Ripple CEO Brad Garlinghouse has put a clear number on the company’s 2026 business goal.
According to posts shared by CoinMarketCap and crypto-focused accounts on X, Ripple expects to end 2026 with a $1 billion revenue run rate. The figure does not include $XRP held on Ripple’s balance sheet.
That detail matters because Ripple has long faced public debate over the link between its business and $XRP. Garlinghouse’s target frames the company as a fintech infrastructure provider that aims to earn money from products, clients, and services, not from token holdings or sales.
LATEST: 📈 Ripple CEO Brad Garlinghouse says the company expects to end 2026 with a $1B revenue run rate, not including the $XRP on its balance sheet. pic.twitter.com/hNF20FBGUw
— CoinMarketCap (@CoinMarketCap) June 14, 2026
Hidden Road, $RLUSD and AI payments drive business push
Ripple has expanded beyond cross-border payments during the past year. The company agreed to buy prime broker Hidden Road for $1.25 billion in 2025, a deal that added credit, clearing, and prime brokerage services for large clients. Ripple said Hidden Road clears about $3 trillion a year across markets.
The deal also supports Ripple USD, known as $RLUSD. Ripple has promoted the stablecoin for enterprise settlement and collateral use. Recently, crypto.news reported that Ripple is also adding $RLUSD to new payment tools, including services tied to AI agents and machine payments on the $XRP Ledger.
Company materials point to custody, treasury management, and liquidity services as core offerings. These products target banks and firms that need faster settlement, account control, and access to digital assets through regulated processes, rather than retail trading.
$XRP demand stays separate from company revenue
Crypto.news data showed $XRP trading near $1.15 on June 14, while $XRP-linked ETF products recorded inflows for a fifth straight week. As reported earlier today, $XRP products added about $10.68 million in the week ended June 12, even as Bitcoin and Ethereum funds saw outflows during the same period.

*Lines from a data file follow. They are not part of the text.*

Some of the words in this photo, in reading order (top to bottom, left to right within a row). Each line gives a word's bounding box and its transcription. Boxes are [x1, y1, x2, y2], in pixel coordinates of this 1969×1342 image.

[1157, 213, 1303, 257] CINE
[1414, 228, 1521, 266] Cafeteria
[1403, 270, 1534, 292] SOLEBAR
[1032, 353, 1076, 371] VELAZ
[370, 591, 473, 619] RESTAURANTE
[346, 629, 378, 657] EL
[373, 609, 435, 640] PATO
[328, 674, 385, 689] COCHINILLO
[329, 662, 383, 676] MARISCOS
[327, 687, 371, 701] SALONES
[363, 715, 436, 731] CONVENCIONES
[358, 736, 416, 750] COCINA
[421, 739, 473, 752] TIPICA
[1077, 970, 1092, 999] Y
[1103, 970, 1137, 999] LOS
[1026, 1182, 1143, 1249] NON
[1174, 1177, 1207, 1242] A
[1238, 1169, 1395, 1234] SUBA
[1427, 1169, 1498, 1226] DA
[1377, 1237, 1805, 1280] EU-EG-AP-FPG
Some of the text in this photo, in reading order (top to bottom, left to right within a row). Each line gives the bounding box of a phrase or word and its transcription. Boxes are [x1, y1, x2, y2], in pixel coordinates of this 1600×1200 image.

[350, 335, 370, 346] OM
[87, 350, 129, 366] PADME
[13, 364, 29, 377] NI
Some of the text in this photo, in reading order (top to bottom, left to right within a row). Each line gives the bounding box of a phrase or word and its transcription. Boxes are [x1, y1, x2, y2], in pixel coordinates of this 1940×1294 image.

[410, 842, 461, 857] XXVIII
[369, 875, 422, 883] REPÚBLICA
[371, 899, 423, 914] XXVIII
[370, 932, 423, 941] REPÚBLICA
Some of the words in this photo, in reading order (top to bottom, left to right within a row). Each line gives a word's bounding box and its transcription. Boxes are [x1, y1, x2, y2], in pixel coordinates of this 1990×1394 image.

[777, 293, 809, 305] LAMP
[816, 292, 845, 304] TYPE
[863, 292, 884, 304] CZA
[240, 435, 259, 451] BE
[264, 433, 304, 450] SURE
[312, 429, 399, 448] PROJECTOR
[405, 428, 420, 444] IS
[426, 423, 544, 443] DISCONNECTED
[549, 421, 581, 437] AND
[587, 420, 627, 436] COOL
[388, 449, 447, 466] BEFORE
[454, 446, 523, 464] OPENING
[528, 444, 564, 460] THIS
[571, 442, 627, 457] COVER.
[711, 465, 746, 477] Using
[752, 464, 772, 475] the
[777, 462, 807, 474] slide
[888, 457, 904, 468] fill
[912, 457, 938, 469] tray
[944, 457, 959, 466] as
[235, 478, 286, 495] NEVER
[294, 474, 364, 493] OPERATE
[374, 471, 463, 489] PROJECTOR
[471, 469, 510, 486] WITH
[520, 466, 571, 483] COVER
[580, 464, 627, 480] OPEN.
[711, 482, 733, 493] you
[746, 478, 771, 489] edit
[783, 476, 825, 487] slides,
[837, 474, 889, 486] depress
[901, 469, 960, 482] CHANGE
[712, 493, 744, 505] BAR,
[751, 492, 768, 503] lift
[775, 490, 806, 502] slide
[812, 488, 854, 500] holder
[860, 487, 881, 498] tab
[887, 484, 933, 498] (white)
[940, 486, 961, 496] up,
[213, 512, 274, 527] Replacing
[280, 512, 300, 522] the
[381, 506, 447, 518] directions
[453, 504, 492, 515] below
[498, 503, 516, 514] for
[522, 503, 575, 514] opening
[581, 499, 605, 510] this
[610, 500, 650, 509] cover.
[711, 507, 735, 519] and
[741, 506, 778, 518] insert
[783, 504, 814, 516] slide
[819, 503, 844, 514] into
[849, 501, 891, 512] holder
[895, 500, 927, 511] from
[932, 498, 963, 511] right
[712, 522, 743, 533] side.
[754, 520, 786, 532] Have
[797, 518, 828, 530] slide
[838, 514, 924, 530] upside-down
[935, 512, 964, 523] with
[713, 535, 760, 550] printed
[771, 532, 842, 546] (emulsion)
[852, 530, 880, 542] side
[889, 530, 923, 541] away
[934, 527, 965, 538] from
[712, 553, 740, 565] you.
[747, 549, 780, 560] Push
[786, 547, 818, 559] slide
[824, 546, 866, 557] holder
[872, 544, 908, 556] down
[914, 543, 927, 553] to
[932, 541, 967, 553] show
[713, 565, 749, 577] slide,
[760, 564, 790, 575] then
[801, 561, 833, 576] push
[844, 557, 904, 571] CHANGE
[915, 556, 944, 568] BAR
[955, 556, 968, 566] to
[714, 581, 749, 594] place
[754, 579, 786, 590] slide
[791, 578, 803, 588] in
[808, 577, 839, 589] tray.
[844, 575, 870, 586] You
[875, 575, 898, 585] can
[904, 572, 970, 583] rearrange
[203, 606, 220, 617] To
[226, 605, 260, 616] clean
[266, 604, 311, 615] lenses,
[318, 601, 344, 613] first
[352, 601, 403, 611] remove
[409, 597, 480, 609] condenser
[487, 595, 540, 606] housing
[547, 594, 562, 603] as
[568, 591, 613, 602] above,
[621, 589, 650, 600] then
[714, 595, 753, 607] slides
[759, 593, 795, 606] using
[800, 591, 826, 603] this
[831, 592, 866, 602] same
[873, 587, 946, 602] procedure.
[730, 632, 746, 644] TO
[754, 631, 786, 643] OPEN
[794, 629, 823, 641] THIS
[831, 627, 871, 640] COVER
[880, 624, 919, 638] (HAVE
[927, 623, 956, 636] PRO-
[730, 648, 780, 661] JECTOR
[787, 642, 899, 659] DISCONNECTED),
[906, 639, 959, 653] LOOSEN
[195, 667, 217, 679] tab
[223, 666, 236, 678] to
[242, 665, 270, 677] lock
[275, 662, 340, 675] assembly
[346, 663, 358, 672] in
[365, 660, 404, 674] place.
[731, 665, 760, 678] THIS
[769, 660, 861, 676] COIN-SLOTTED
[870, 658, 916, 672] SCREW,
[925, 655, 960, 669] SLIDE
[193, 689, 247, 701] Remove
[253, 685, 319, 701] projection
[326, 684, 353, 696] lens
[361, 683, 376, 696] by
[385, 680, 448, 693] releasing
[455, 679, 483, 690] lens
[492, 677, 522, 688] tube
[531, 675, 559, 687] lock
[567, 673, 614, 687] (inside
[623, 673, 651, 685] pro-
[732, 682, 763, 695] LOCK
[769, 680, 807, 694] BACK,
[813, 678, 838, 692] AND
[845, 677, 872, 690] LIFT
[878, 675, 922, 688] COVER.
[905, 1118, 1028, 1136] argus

Those figures show that investor demand for $XRP can move on a different track from Ripple’s operating business. Garlinghouse’s “not including $XRP” point places the revenue target outside daily price action. It also gives banks, payment firms, and corporate treasurers a clearer way to judge Ripple’s core business.
Regulation remains part of Ripple’s 2026 plan
Ripple’s growth plan also sits next to a busy U.S. policy calendar. As previously reported, the CLARITY Act cleared the Senate Banking Committee by a 15-9 vote on May 14, 2026. The bill still needs more work before a full Senate vote, including a merger with text from the Agriculture Committee.
Garlinghouse has backed clearer rules for digital assets, saying banks need more legal certainty before they move deeper into crypto services. For Ripple, a rulebook could support payments, custody, liquidity, treasury tools, stablecoins, and token settlement in the United States.
Ripple has also moved into automated payments. As rypto.news reported on June 13, the company released the XRPL AI Starter Kit, which lets AI agents use $XRP and $RLUSD for payments through the x402 protocol with limited human involvement. The tool allows software agents to create wallets, check balances, track transactions, and send payments.